La Gitane (à droite) tend une pièce au jeune homme. Il devra la tenir dans la main tandis qu’elle lui révélera son avenir en le regardant dans les yeux.
On trouvera cette reproduction photographique sur l’article de Wikipédia consacré à Georges de La Tour.
Écriture personnelle
Faut-il toujours aller droit au but ? Vous répondrez à cette question dans un développement composé en vous appuyant sur les documents du corpus, sur ceux étudiés en cours et sur votre culture personnelle.
Un dernier sujet de BTS blanc sur le Détour : Les détours de la communication
Synthèse :
• Document n°1 :
Extrait de Fragments d’un discours amoureux, de Roland Barthes, Seuil, 1977, p. 51. (Texte trouvé dans l’excellent ouvrage Top’Guide Hachette Éducation de Catherine Duffau, mais repris sur l’original.)
1. X…, parti en vacances sans moi, ne m’a donné aucun signe de vie depuis son départ : accident ? grève de la poste ? indifférence ? tactique de distance ? exercice d’un vouloir-vivre passager (« Sa jeunesse lui fait du bruit, il n’entend pas. » [15] ? ou simple innocence ? Je m’angoisse de plus en plus, passe par tous les actes du scénario d’attente. Mais, lorsque X... resurgira d’une manière ou d’une autre, car il ne peut manquer de le faire (pensée qui devrait immédiatement rendre vaine toute angoisse), que lui dirai-je ? Devrai-je lui cacher mon trouble — désormais passé (« Comment vas-tu ? ») ? Le faire éclater agressivement (« Ce n’est pas chic, tu aurais bien pu... ») ou passionnément (« Dans quelle inquiétude tu m’as mis ») ? Ou bien, ce trouble, le laisser entendre délicatement, légèrement, pour le faire connaître sans en assommer l’autre (« J’étais un peu inquiet... ») ? Une angoisse seconde me prend, qui est d’avoir à décider du degré de publicité que je donnerai à mon angoisse première.
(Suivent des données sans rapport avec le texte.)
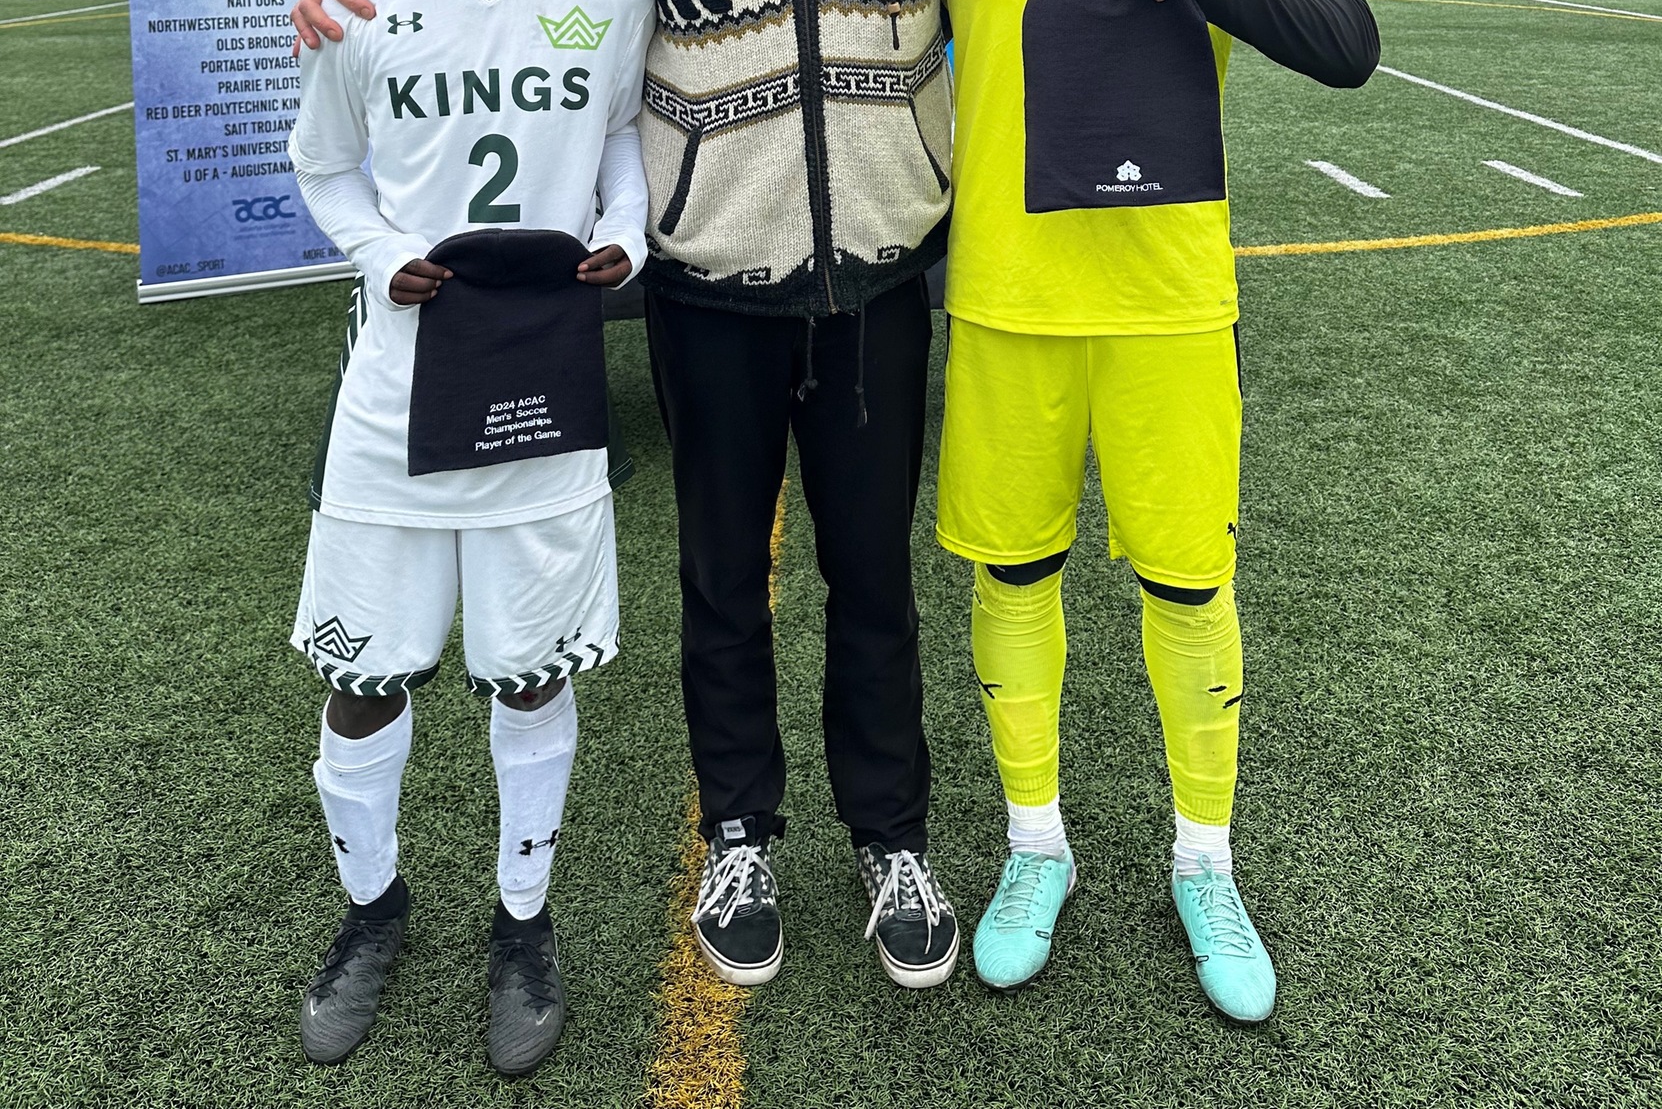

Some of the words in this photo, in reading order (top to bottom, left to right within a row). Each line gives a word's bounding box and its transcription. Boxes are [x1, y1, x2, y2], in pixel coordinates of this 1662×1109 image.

2. Je suis pris dans un double discours, dont je ne peux sortir. D’un côté je me dis : et si l’autre, par quelque disposition de sa propre structure, avait besoin de ma demande ? Ne serais-je pas justifié, alors, de m’abandonner à l’expression littérale, au dire lyrique de ma « passion » ? L’excès, la folie, ne sont-ils pas ma vérité, ma force ? Et si cette vérité, cette force, finissaient par impressionner ?
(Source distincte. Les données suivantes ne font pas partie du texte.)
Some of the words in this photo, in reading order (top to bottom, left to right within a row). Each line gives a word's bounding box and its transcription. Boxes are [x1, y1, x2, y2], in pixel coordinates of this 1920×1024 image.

Mais, d’un autre côté, je me dis : les signes de cette passion risquent d’étouffer l’autre. Ne faut-il pas alors, précisément parce que je l’aime, lui cacher combien je l’aime ? Je vois l’autre d’un double regard : tantôt je le vois comme objet, tantôt comme sujet ; j’hésite entre la tyrannie et l’oblation [16]. Je me prends ainsi moi-même dans un chantage : si j’aime l’autre, je suis tenu de vouloir son bien ; mais je ne puis alors que me faire mal : piège : je suis condamné à être un saint ou un monstre : saint ne puis, monstre ne veux : donc, je tergiverse [17] : je montre un peu ma passion.
• Document n° 2 :
« Même le mot noir devient tabou, c’est de la pure folie » Le philologue [18] Georges Lebouc écharpe [19] et décortique le politiquement correct. Propos recueillis par Catherine Mallaval, Libération, 10 décembre 2007. (Trouvé dans l’excellente anthologie GF « Le Détour », ainsi que le dessin de Plantu ci-dessous ; on retrouvera cette entrevue sur ce site)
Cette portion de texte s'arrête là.